А с археологией вышло наоборот. Я с огромным энтузиазмом работал в Туркмении на памятниках VI–III тысячелетий до нашей эры, но эта работа оказалась мне не по силам. Я могу изучать керамику, архитектуру, тексты, но не умею организовать экспедицию, считать деньги и вообще быть бизнесменом, а без этого археолог работать не может. Видите ли, я такой одинокий волк… Нет, конечно, я с большим удовольствием работаю в коллективе, здесь нет проблем, но не умею навязывать свою волю другим, хотя и внешнему давлению тоже поддаюсь не так уж легко. Поэтому моя карьера археолога завершилась довольно рано.
— Получается, вы считаете себя кабинетным ученым?
— В итоге, конечно, да. В качестве археолога я по крайней мере могу сам работать в раскопе, а вот этнографом быть не могу никаким образом. Зато моя жена от природы этнограф, она разговорит кого угодно, извлечет любую информацию. Я же начинаю не слушать, а рассказывать про себя, как сейчас с вами.
— Создается впечатление, что ваша дисциплина — редкая область российской гуманитарной науки, которая не в тупике, которая успешно живет и развивается. Это так?
— Ну, пока я живу, она успешно живет. Не могу сказать, что у меня обилие учеников. Есть люди, которые помогают, но это скорее редкое исключение. Первая и главная причина — нормальный фольклорист будет заниматься фольклористикой, нормальный археолог будет заниматься археологией, а я волей судеб оказался на пересечении этих троп. Вторая причина скорее техническая: систематизацией мифологических мотивов нельзя заниматься, не зная языков. Я сам не полиглот и плохо говорю даже на знакомых мне языках, но на восьми или десяти худо-бедно читаю. Свободно читать надо не только на английском, но и на испанском, итальянском, немецком, французском, а лучше бы, конечно, еще и на голландском, шведском, турецком и так далее. Скандинавских и тюркских я практически не знаю, голландский очень плохо. В моей науке без языков ты как калека без ноги или руки: можно на костылях прыгать, но за здоровыми не угонишься. Сейчас люди обычно столько языков не знают, а кто знает, те не будут заниматься наукой, они пойдут в туристический или еще какой-нибудь бизнес.
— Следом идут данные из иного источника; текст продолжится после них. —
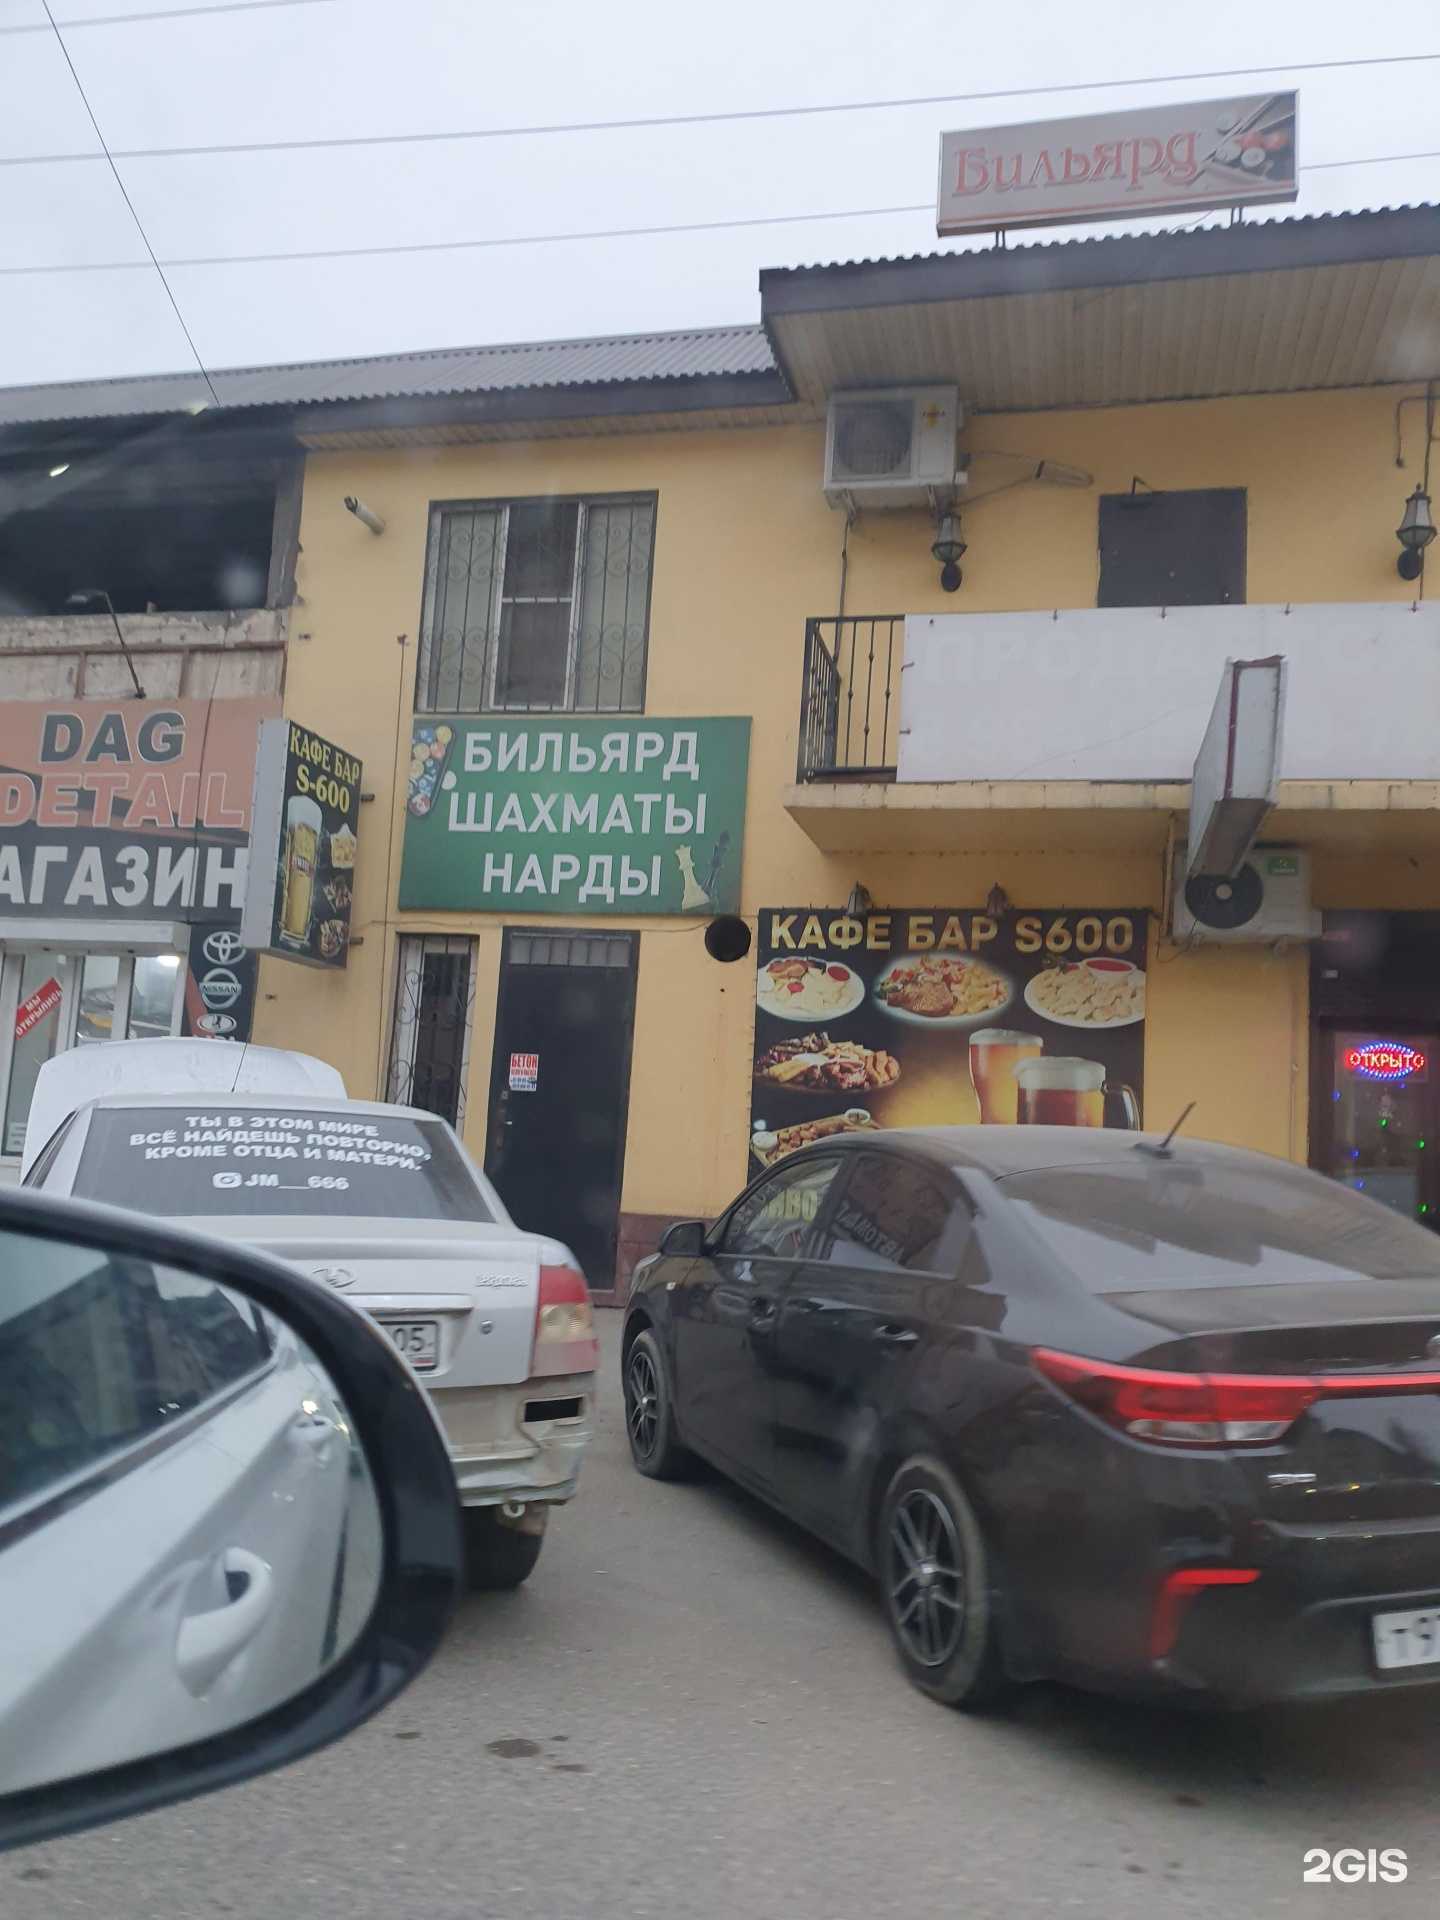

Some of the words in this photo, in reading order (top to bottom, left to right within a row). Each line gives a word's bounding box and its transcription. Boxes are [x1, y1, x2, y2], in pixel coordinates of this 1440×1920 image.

[952, 129, 1202, 197] Бильярд
[38, 710, 187, 765] DAG
[290, 726, 331, 772] КАФЕ
[335, 751, 360, 786] БАР
[463, 731, 700, 781] БИЛЬЯРД
[0, 772, 245, 829] DETAIL
[296, 764, 350, 814] S-600
[448, 792, 707, 835] ШАХМАТЫ
[482, 852, 662, 904] НАРДЫ
[769, 914, 892, 951] КАФЕ
[908, 914, 999, 952] БАР
[1014, 916, 1134, 953] S600
[202, 983, 239, 994] NISSAN
[1350, 1053, 1425, 1069] ОТКРЫТО
[183, 1128, 301, 1144] НАЙДЕШЬ
[184, 1116, 222, 1128] ТЫ
[227, 1116, 244, 1127] В
[249, 1116, 314, 1131] ЭТОМ
[319, 1120, 379, 1137] МИРЕ
[145, 1144, 228, 1160] КРОМЕ
[233, 1145, 299, 1160] ОТЦА
[303, 1147, 322, 1159] И
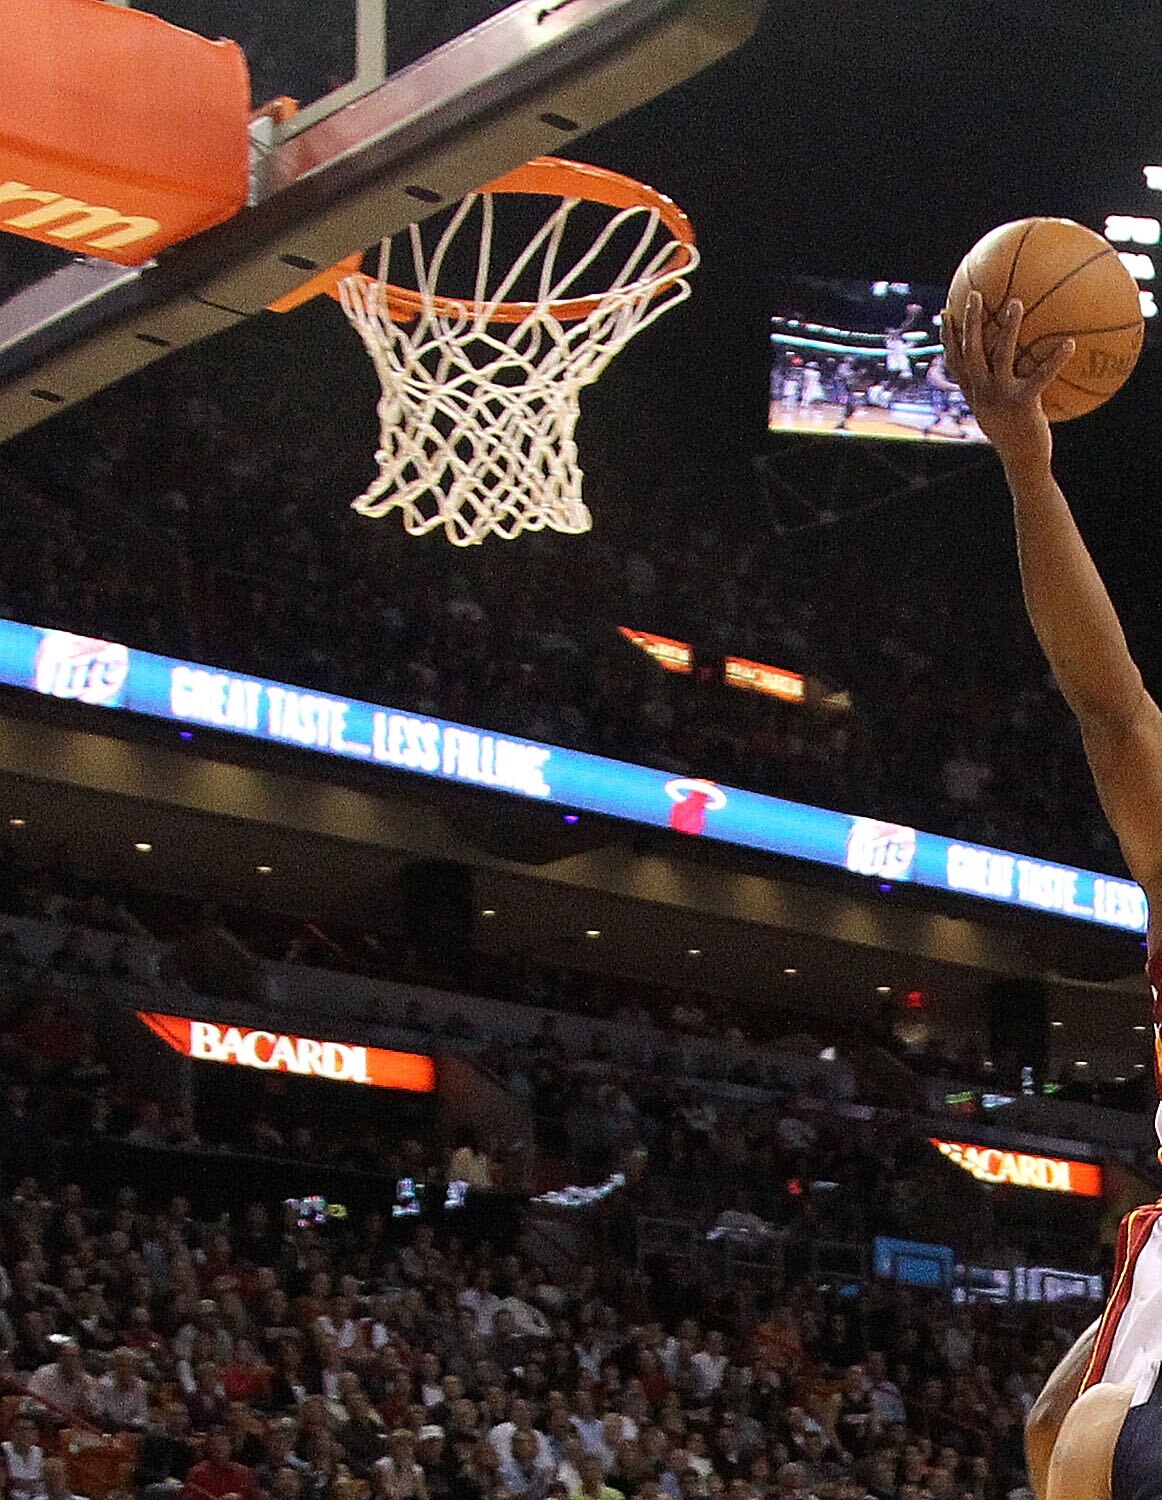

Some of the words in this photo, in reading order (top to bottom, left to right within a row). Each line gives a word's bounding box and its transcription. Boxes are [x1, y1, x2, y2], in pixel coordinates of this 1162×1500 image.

[171, 667, 261, 729] GREAT
[373, 712, 440, 770] LESS
[190, 1021, 371, 1083] BACARDI
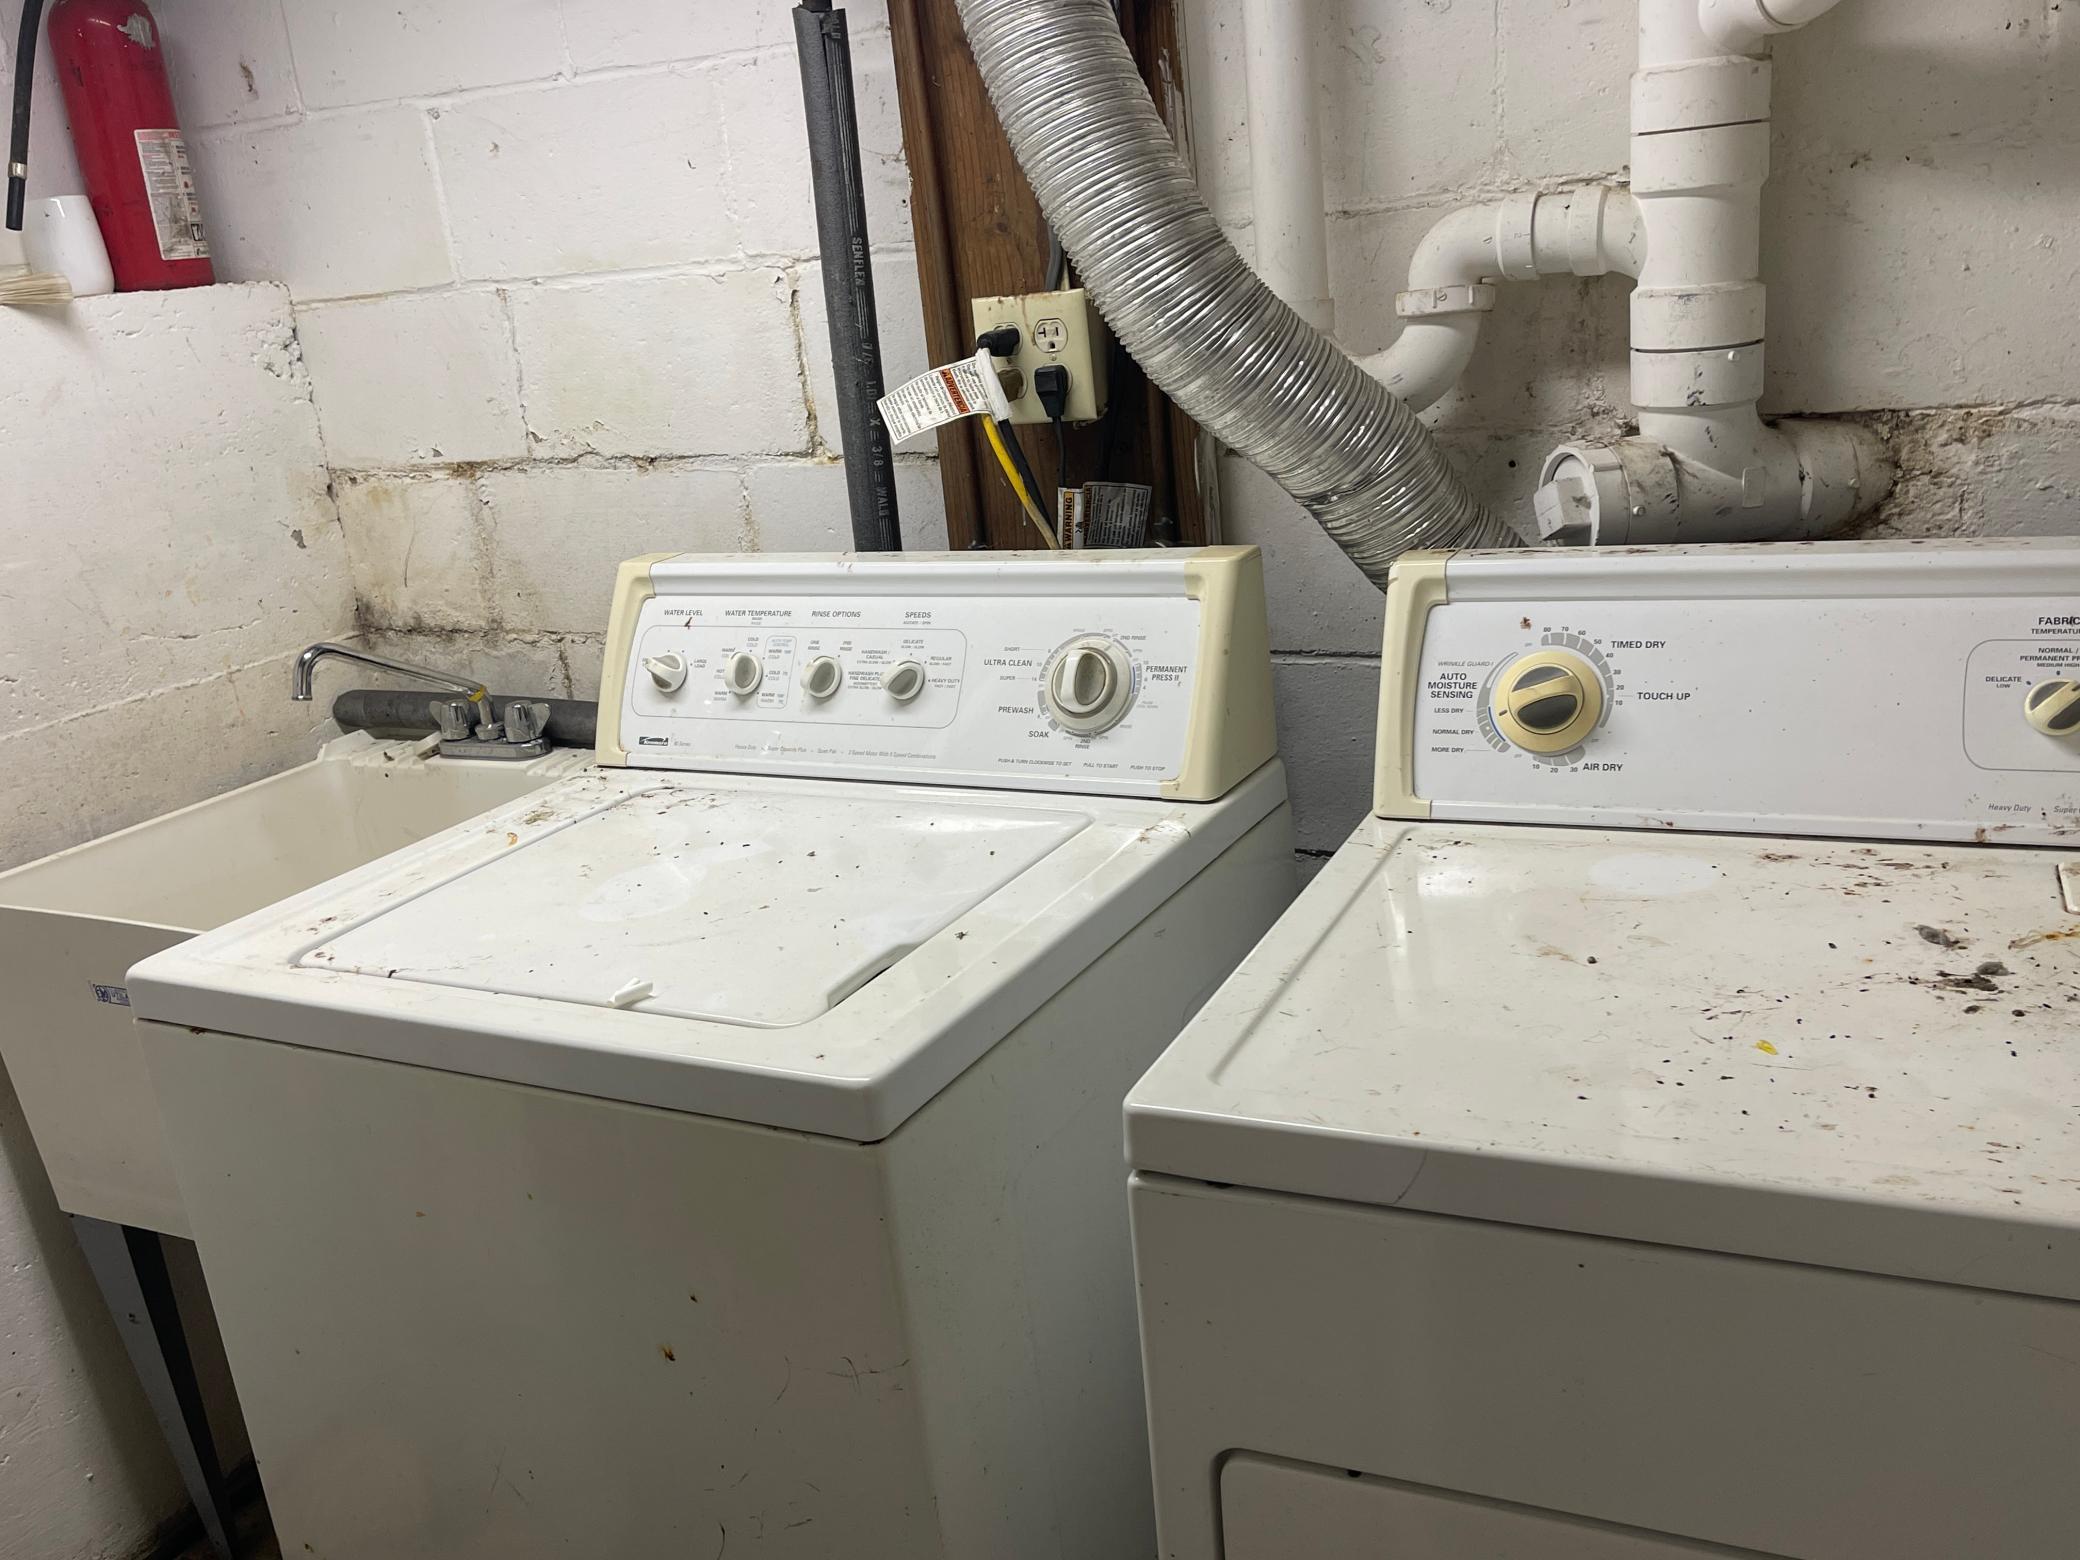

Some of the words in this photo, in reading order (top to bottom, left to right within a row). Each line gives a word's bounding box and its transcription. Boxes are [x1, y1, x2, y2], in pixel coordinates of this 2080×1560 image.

[1064, 497, 1073, 539] WARNING
[725, 609, 746, 617] WATER
[905, 611, 932, 619] SPEEDS
[1611, 640, 1643, 649] TIMED
[1645, 641, 1666, 649] DRY
[1008, 659, 1032, 667] CLEAN
[1440, 672, 1467, 681] AUTO
[1427, 682, 1477, 690] MOISTURE
[1430, 690, 1473, 699] SENSING
[1637, 692, 1673, 701] TOUCH
[1676, 692, 1691, 701] UP
[998, 706, 1034, 714] PREWASH
[1028, 730, 1050, 738] SOAK
[1583, 762, 1600, 771] AIR
[1602, 763, 1623, 772] DRY
[1988, 803, 2012, 812] Heavy
[2013, 803, 2032, 813] Duty
[2053, 805, 2078, 814] Super
— А когда вы выучили все эти языки?
— Потихоньку. Не в детстве. В старших классах школы я попытался выучить испанский и просто заучивал слова из книг: ни словарей, ни учебников не было как факта, их неоткуда было взять. Мои дочери еще до того, как поступили в школу, выучили английский лучше, чем я знаю его сейчас. И это нормально, просто другая эпоха. Вообще же знание каждого нового языка, пусть хоть поверхностное, — это дополнительное измерение в вашей вселенной. Если бы я в совершенстве знал 10, а лучше 20 языков, то был бы самым счастливым человеком в мире.
— Вы сказали про детство. Вы пришли в ЛГУ на кафедру археологии, потому что увлекались ей в школе?
— Первоначально где-то в классе четвертом меня увлекала ботаника, лесное хозяйство — в общем, природа и география. Позднее я заинтересовался археологией: посещал кружок, который вел Лев Самуилович Клейн Лев Клейн (р. 1927) — археолог, антрополог, филолог и историк науки, один из основателей Европейского университета в Санкт-Петербурге., так состоялось знакомство с археологией, которое наложилось на мой интерес к Америке. А когда на втором курсе появился Массон и летом мы поехали в Южную Туркмению, я понял: вот это археология, которая мне нужна. Потому что ничего интереснее раскопок сырцовой архитектуры Сырцовая архитектура — сооружения из сырцового, то есть необожженного, кирпича. в природе не существует.
— Что вас интересует кроме науки?
— Сбор грибов и езда на велосипеде.
— Последний вопрос. Одно и то же явление объясняется во множестве мифов. Получается, эти противоречия спокойно уживаются вместе в одной культуре?
— Сколько угодно. Разные мифы об одном и том же постоянно сосуществуют и очень часто друг другу противоречат. Про это есть очень хорошее место в одной работе про канадских эскимосов. Эскимоса спрашивают, как же противоречащие друг другу мифы сочетаются, и он говорит очень правильно: «Ох, в мире так много сложного и непонятного, что вы хотите от простого человека?» Люди и сейчас так же думают. «Откуда мы произошли?» — «От обезьяны, так в школе учили». — «А что же Адам?» — «Адама и Еву создал Бог». Одно другому не мешает, один и тот же человек в одной ситуации скажет одно, в другой — другое.
— Это черты архаического сознания?
— По-моему, не архаического, а просто человеческого сознания. Человек же все-таки не компьютер, он многосторонний.